## DATASET:
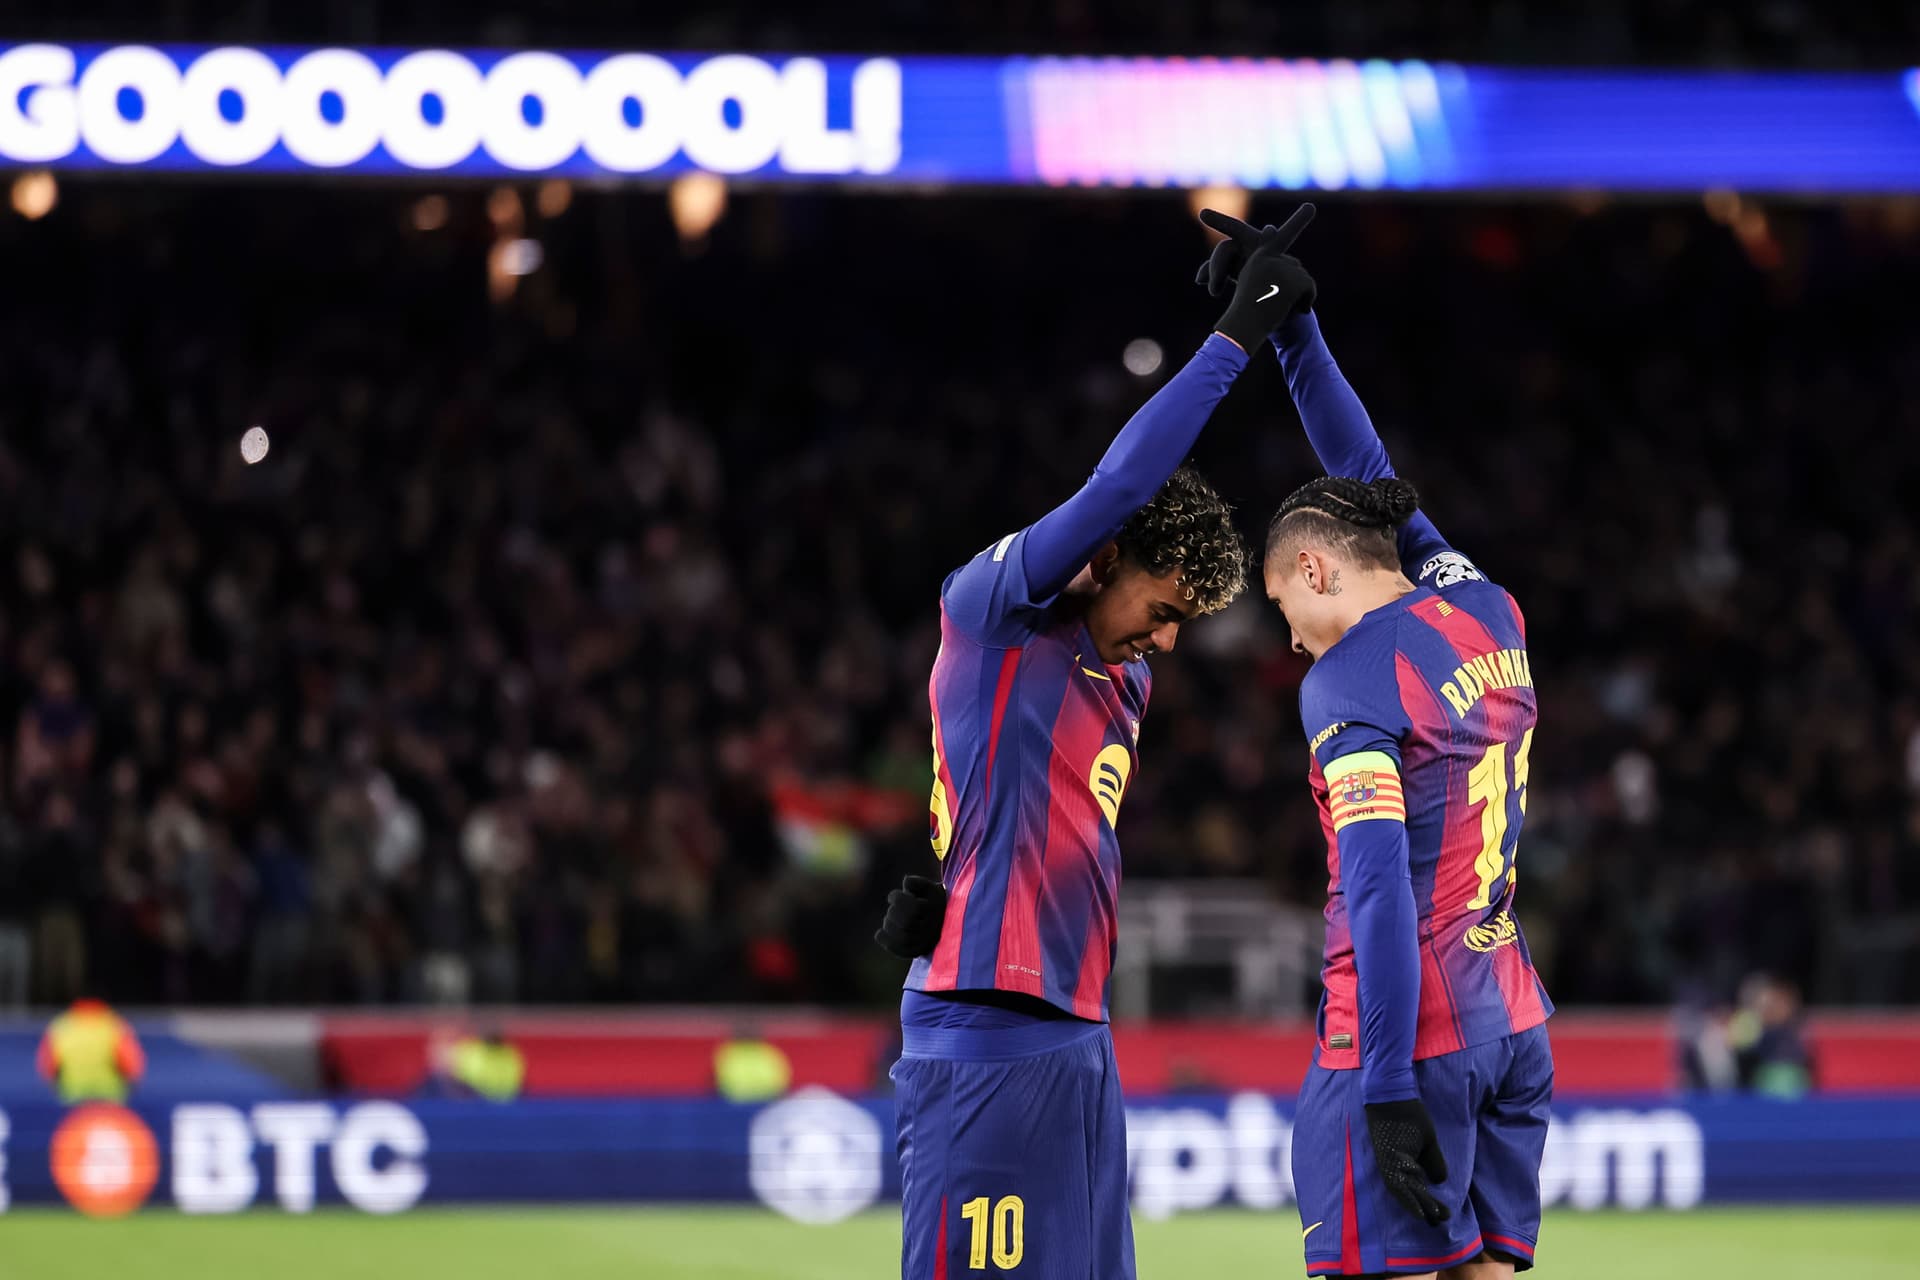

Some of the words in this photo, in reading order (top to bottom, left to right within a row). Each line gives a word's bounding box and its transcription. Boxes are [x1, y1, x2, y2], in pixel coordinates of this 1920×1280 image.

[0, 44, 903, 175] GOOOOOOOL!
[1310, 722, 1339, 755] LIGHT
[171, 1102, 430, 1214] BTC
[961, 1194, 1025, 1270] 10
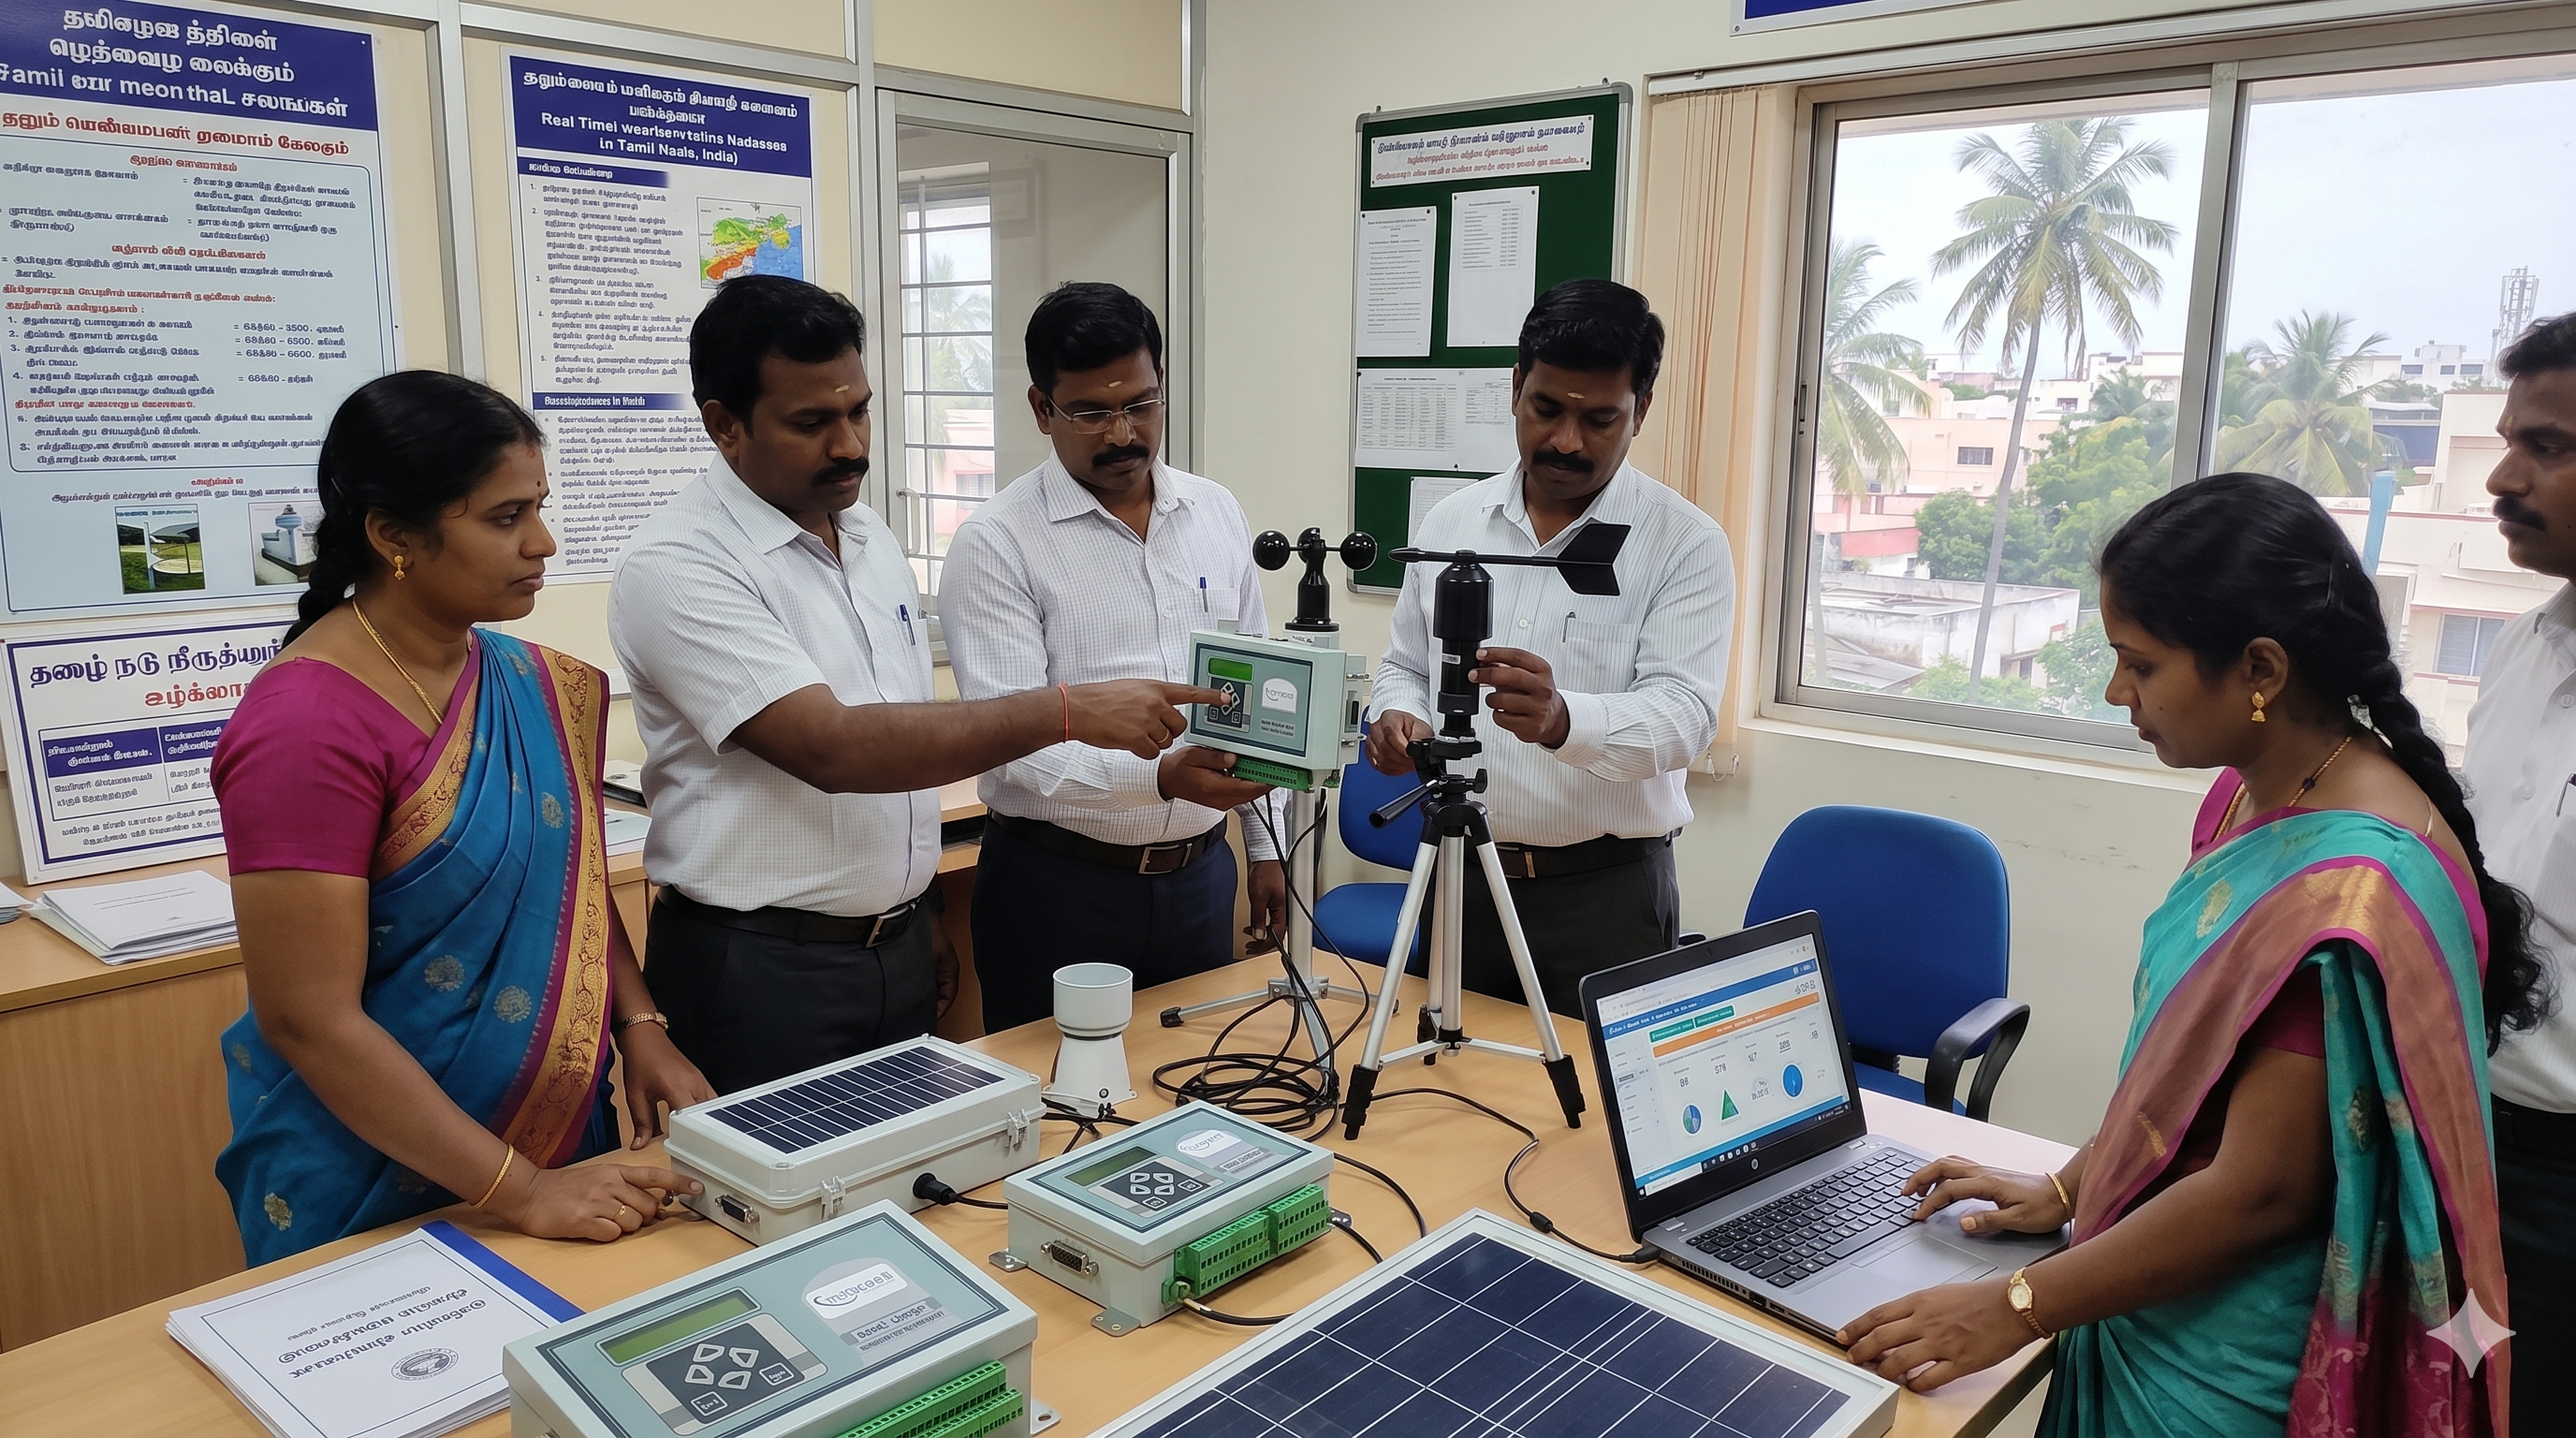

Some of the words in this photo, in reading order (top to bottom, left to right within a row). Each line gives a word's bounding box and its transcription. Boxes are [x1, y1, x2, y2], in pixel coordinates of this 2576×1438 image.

## INSTRUCTIONS FOR THE TASK:
From the first line to the last, set down the records word for word and drop the images.

## EXERCISE OUTPUT:
Some of the words in this photo, in reading order (top to bottom, left to right within a row). Each line gives a word's bounding box and its transcription. Boxes are [x1, y1, x2, y2], in pixel coordinates of this 1920×1280 image.

[0, 44, 903, 175] GOOOOOOOL!
[1310, 722, 1339, 755] LIGHT
[171, 1102, 430, 1214] BTC
[961, 1194, 1025, 1270] 10

Some of the words in this photo, in reading order (top to bottom, left to right within a row). Each line gives a word's bounding box and its transcription. Boxes are [x1, y1, x2, y2], in pixel coordinates of this 2576×1438 image.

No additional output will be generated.